BackgroundJob.Enqueue<IMyJobService>(js => js.DoWork());

In my IMyJobService implementation I had the following code:

[AutomaticRetry(Attempts = 0)]
public void DoWork()
{
    // I'm working hard here
}

The solution that I came up with was:

public MyTestController
{
    private readonly IMyJobService _myJobService;
    
    public MyTestClass(IMyJobService myJobService)
    {
        _myJobService = myJobService;
    }
    
    public ActionResult Work()
    {
        BackgroundJob.Enqueue(() => _myJobService.DoWork());
        return Ok();
    }
}

Instead of relying on BackgroundJob.Enqueue<T> to inject my IMyJobService implementation I do it myself. That’s basically it. I hope this will help someone.

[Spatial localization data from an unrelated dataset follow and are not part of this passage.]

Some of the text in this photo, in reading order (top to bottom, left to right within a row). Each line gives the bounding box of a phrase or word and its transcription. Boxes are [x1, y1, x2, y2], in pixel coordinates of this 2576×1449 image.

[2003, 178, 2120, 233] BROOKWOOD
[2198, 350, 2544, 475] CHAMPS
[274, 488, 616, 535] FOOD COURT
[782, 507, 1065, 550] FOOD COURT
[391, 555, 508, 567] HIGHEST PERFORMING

@dynamiclynk are you running on .NET Core? There’s a bug with attribute-based filters there.

Yep I am using .net core 1.1 so that must be the issue. Thank you.

Refer to https://github.com/HangfireIO/Hangfire/issues/799 for the temporary workaround :slight_smile:

Most likely it’s not a ‘bug’ with attribute based filters causing this. If you’re using a DI container with an interface (like the following) then you must put the hangfire attributes on the interface and not the implementation.

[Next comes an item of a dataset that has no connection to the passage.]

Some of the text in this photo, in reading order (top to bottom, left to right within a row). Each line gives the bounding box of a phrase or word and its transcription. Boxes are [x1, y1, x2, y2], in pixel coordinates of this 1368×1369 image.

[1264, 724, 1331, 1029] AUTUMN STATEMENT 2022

Hangfire.RecurringJob.AddOrUpdate(updater => updater.UpdateGen2Data(), Cron.Hourly);

public interface IDataUpdater
{
[Hangfire.AutomaticRetry(Attempts = 0, OnAttemptsExceeded = AttemptsExceededAction.Delete)]
void UpdateData();
}

2 Likes

This is correct. Interface works while implementation does not.

Hi,
I am using ASP.NET Core 2.2 and one of my jobs is decorated with

public interface IGenerateSurveyJob
{
    [AutomaticRetry(Attempts = 1, OnAttemptsExceeded = AttemptsExceededAction.Delete)]
    Task Generate(long orderId);
}

Hangfire ignores the Attribute: there are still 10 retries and after that, the Job is failed and not deleted.

Any ideas?
Thanks

Ironically, it works for me if I decorate also the implemented method
,
public class GenerateSurveyJob : IGenerateSurveyJob
{
[AutomaticRetry(Attempts = 1, OnAttemptsExceeded = AttemptsExceededAction.Delete)]
public async Task Generate(long orderId)
{
… lots of stuff …
}
}

I wanted to chime in and say I also had to put it on the implementation and NOT the interface. Core 2.2

You have to put it in the implementation and NOT in the interface.